◆ **Phrase grounding data**
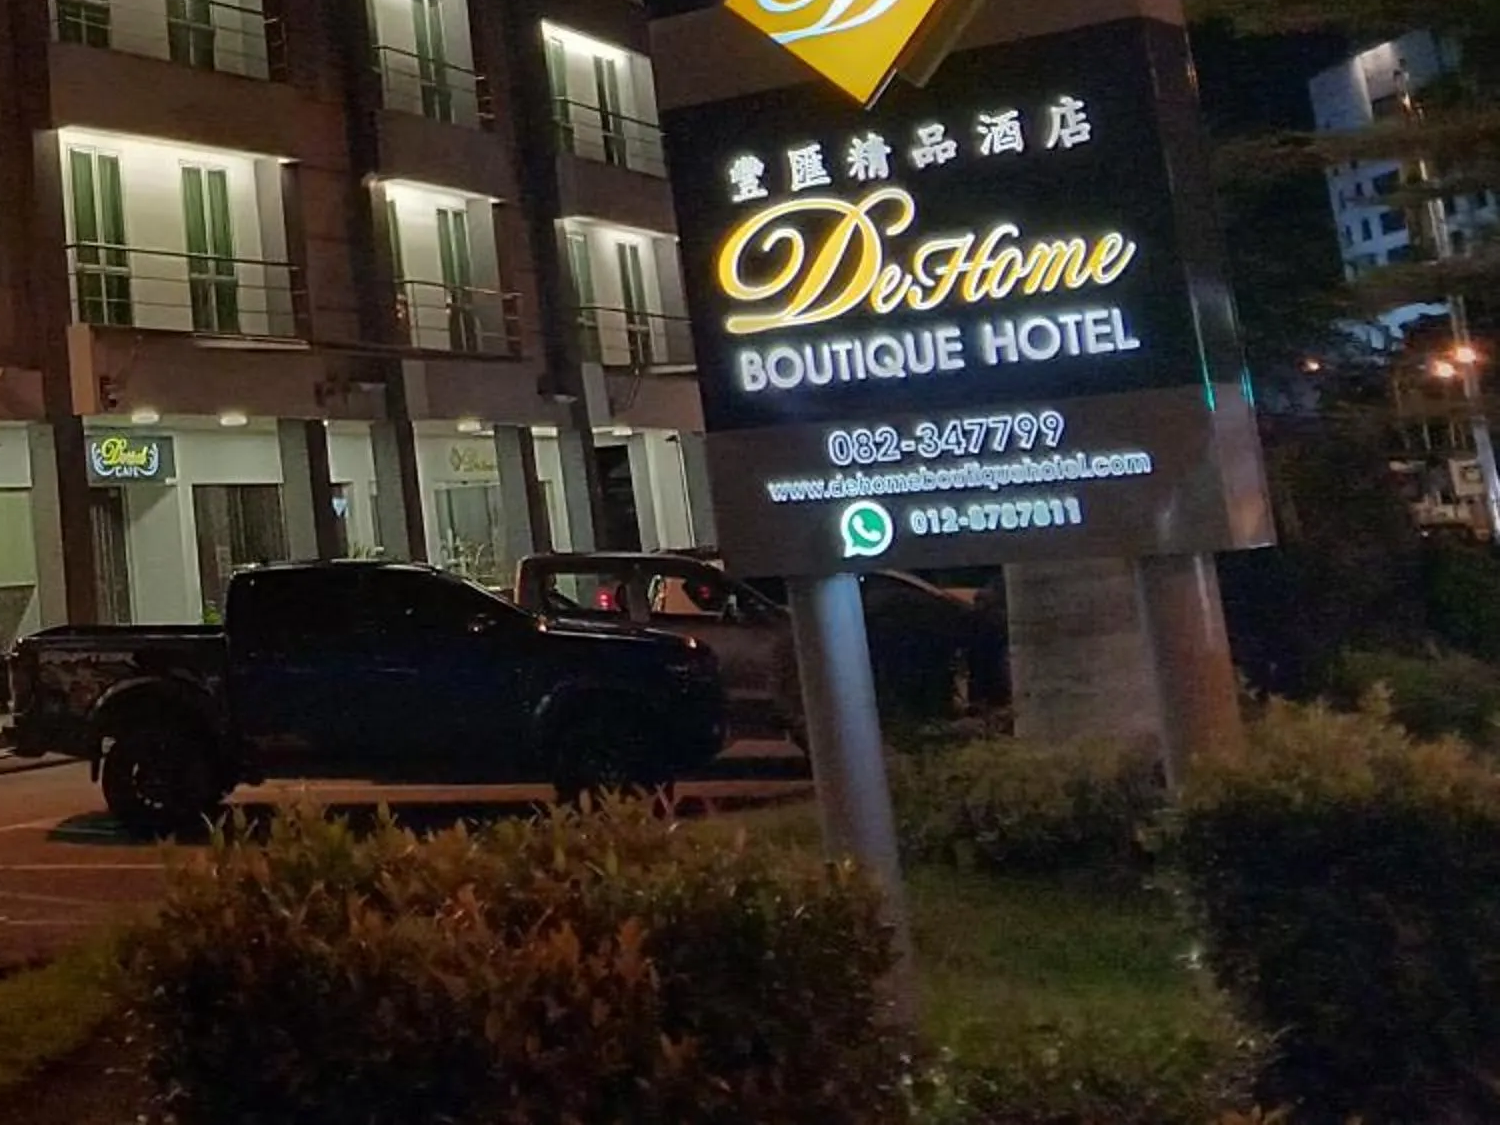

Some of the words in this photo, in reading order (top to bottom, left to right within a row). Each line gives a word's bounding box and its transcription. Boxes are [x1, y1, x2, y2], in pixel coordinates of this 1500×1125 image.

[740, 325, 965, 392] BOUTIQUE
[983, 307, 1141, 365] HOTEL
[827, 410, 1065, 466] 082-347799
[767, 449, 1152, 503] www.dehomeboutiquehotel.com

◆ **Prompt**
All the lines above must be written out exactly, without a single picture.

◆ **Task response**
Some of the words in this photo, in reading order (top to bottom, left to right within a row). Each line gives a word's bounding box and its transcription. Boxes are [x1, y1, x2, y2], in pixel coordinates of this 1500×1125 image.

[740, 325, 965, 392] BOUTIQUE
[983, 307, 1141, 365] HOTEL
[827, 410, 1065, 466] 082-347799
[767, 449, 1152, 503] www.dehomeboutiquehotel.com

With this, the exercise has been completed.